Murder to produce sustainably, that is. And here are three stories to prove it. In the arid West of the US, overgrazing has been stripping away the ground cover, and the soil, for decades. Some enterprising ranchers have finally seen the light, however, and are experimenting with how they graze cattle, moving their herds more, giving the vegetation time to bounce back, mimicking the behaviour of the mobile herbivores of the African savannas. But the jury is still out on whether it works, whether “sustainable ranching” is just the oxymoron many environmentalists have always said it is. Meanwhile, in Tibet, climate change is drying up streams. Shepherds have to go twice as far to take their flocks to water. Farmers have to dig twice as far down to strike water in their wells. And finally, all over the world, frogs are being driven to extinction because of our taste for their legs. It’s enough to drive one to vegetarianism.
Featured: Living Labs
You see a comment like this one …
Your blog is a daily inspiration. Thanks.
… and your immediate reaction is to hit the Spam This button. But no, Bertie‘s comment on Living Labs videos online was genuine. That makes it even more welcome.
Thanks to you, Bertie, and LEISA.
Rice thrice
Our chums at the International Rice Research Institute have been busy, with no fewer than three press releases in two days.

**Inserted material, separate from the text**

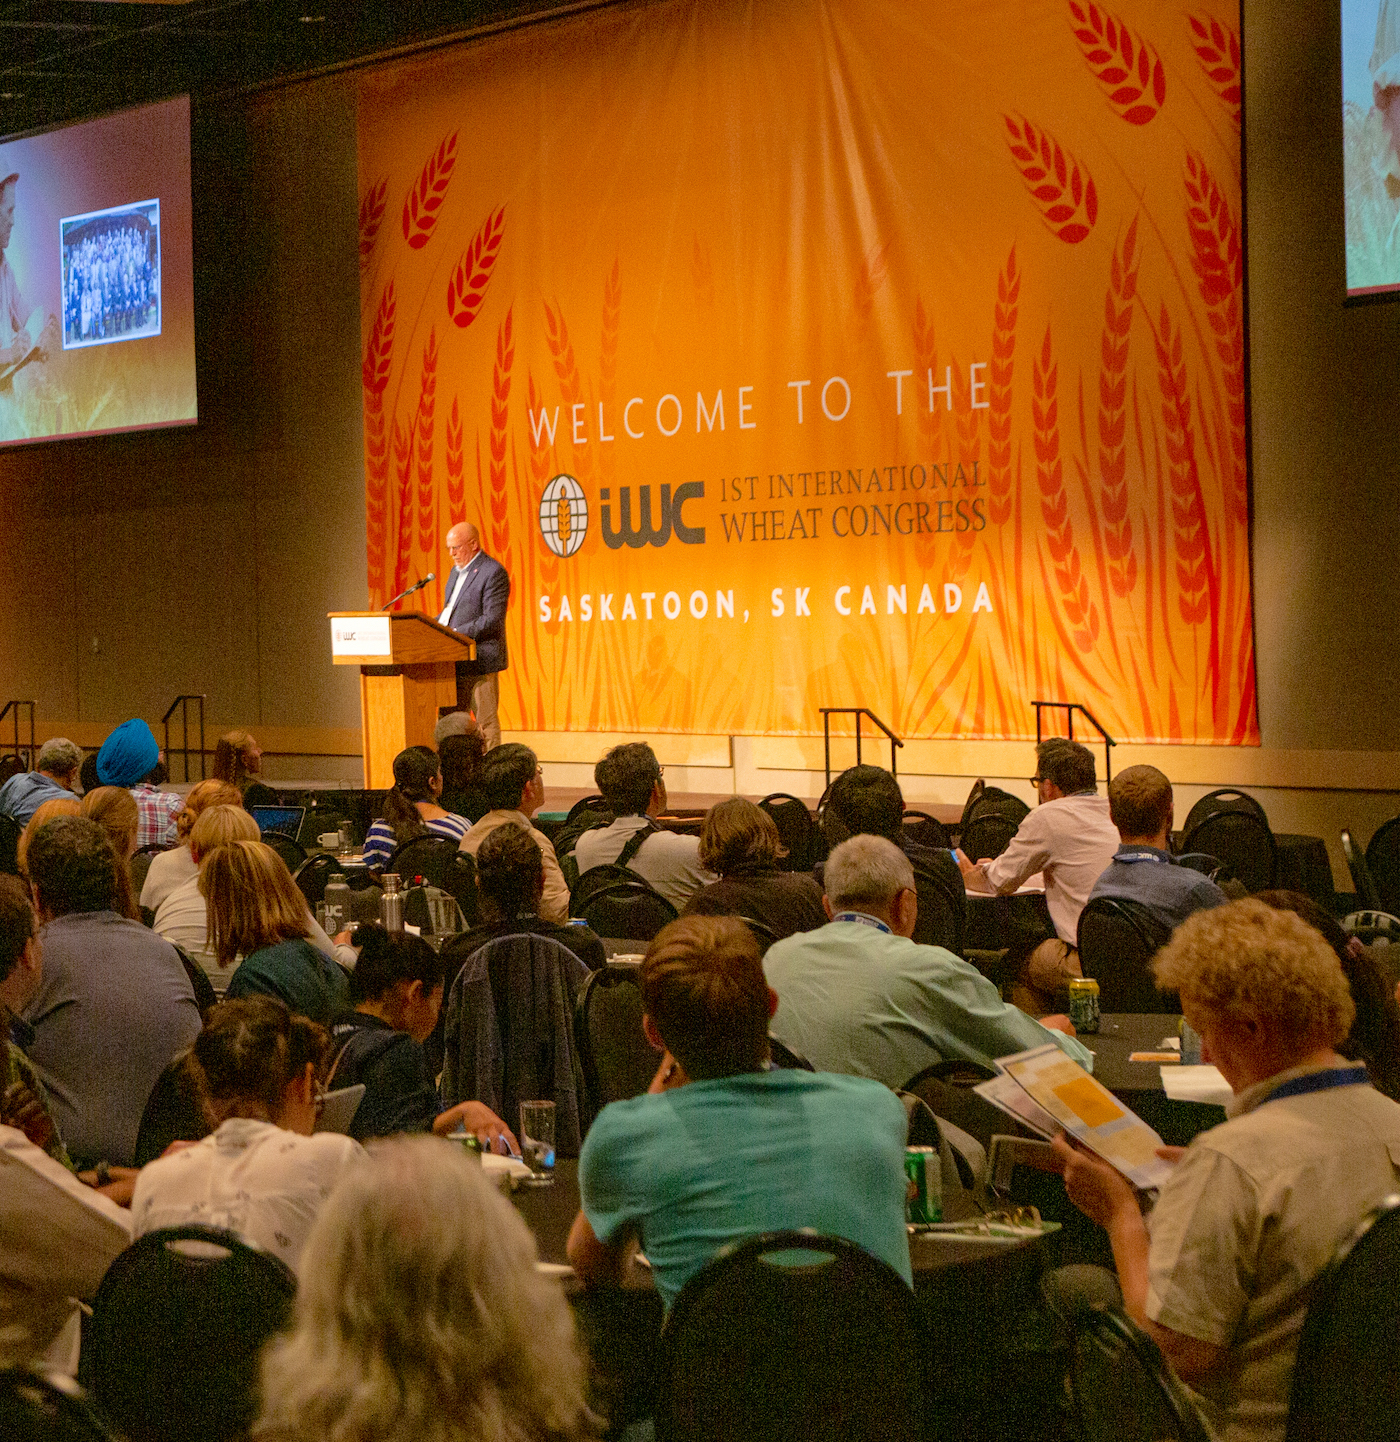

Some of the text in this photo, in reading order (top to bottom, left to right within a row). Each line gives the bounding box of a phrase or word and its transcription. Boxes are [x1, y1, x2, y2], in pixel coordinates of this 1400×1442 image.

[529, 362, 990, 448] WELCOME TO THE
[720, 461, 987, 502] 1ST INTERNATIONAL
[720, 498, 987, 543] WHEAT CONGRESS
[539, 581, 994, 624] SASKATOON, SK CANADA

First up, US$11 million over three years from the Bill and Melinda Gates Foundation to re-engineer rice’s photosynthetic pathway. For the record, there are two different pathways, known as C3 and C4. 1 Rice is C3. C4 is more efficient. So, hey, let’s make rice C4. The release says that as a result of this grant “rice plants that can produce 50% more grain using less fertilizer and less water are a step closer to reality”. But it doesn’t say how many more steps there might be. And if C4 rice is such a good idea, you might wonder why Nature, consumate tinkerer that she is, hasn’t already made it. 2
Then there’s another US$30 million over three years (from Bill and Melinda and USAID) to create The Cereal Systems Initiative for South Asia (CSISA).
Major objectives of CSISA include better crop management and postharvest technologies and practices; the development and dissemination of improved rice, wheat and maize varieties; and the creation of a new generation of agricultural scientists and professional agronomists. The initiative will focus initially on eight hubs in Bangladesh, India, Pakistan, and Nepal, which represent key intensive cereal production systems that play a major role in feeding close to a quarter of the world’s population. …

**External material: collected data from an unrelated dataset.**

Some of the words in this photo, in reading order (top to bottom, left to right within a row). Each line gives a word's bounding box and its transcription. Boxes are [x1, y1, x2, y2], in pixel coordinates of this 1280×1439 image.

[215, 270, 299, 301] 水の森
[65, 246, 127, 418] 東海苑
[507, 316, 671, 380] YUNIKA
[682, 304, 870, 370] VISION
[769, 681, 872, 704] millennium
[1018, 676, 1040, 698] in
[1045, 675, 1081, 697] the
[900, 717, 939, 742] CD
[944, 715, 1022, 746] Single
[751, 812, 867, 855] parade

CSISA’s 10-year goal is for four million farmers to achieve a yield increase of at least 0.5 tons per hectare on five million hectares, and an additional two million farmers to achieve a yield increase of at least 1.0 ton per hectare on 2.5 million hectares.
That deserves to be a success, and I don’t think it depends on C4 rice.
And finally, to implement those two programmes, and STRASA (Stress-tolerant rice for poor farmers in Africa and South Asia), another one supported by the Bill and Melinda Gates Foundation, IRRI signed a new three-year agreement with the Indian Council of Agricultural Research (ICAR).
Go IRRI!
Leisa blogs!
E-LEISA is a quarterly newsletter that carries highlights from the global edition of LEISA Magazine and keeps you in touch with the LEISA Network.
And very interesting it is too: we’ve linked to it in the past. Well, LEISA now also has a blog. Been going a couple of months, and they have linked to us, and left us a nice comment, so we’ll repay the compliment.
A post from a few days ago discusses the importance of photographs “in communicating innovations and best practices in agricultural development.” We blogged a couple of days ago about how photos can be used to identify agrobiodiversity. 3 It turns out “DFID’s Research Into Use Programme (RIU) has published a Field Guide to Photography, produced by SCRIPTORIA Communications.” Looks excellent.
Living Labs videos online
Television for Education-Asia Pacific (TVEAP) has a series of five-minute videos on YouTube highlighting the work of the CGIAR Challenge Program on Water and Food in some of the more important river basins of the world:
With water scarcity emerging as a global concern, we simply cannot continue the water-intense methods of the past. Yet, as human numbers increase, more food needs to be produced with the same — or shrinking — land. This calls for smarter, thriftier ways of using freshwater and increasing water’s productivity in agriculture, without damaging the environment, or undermining food security, jobs or health.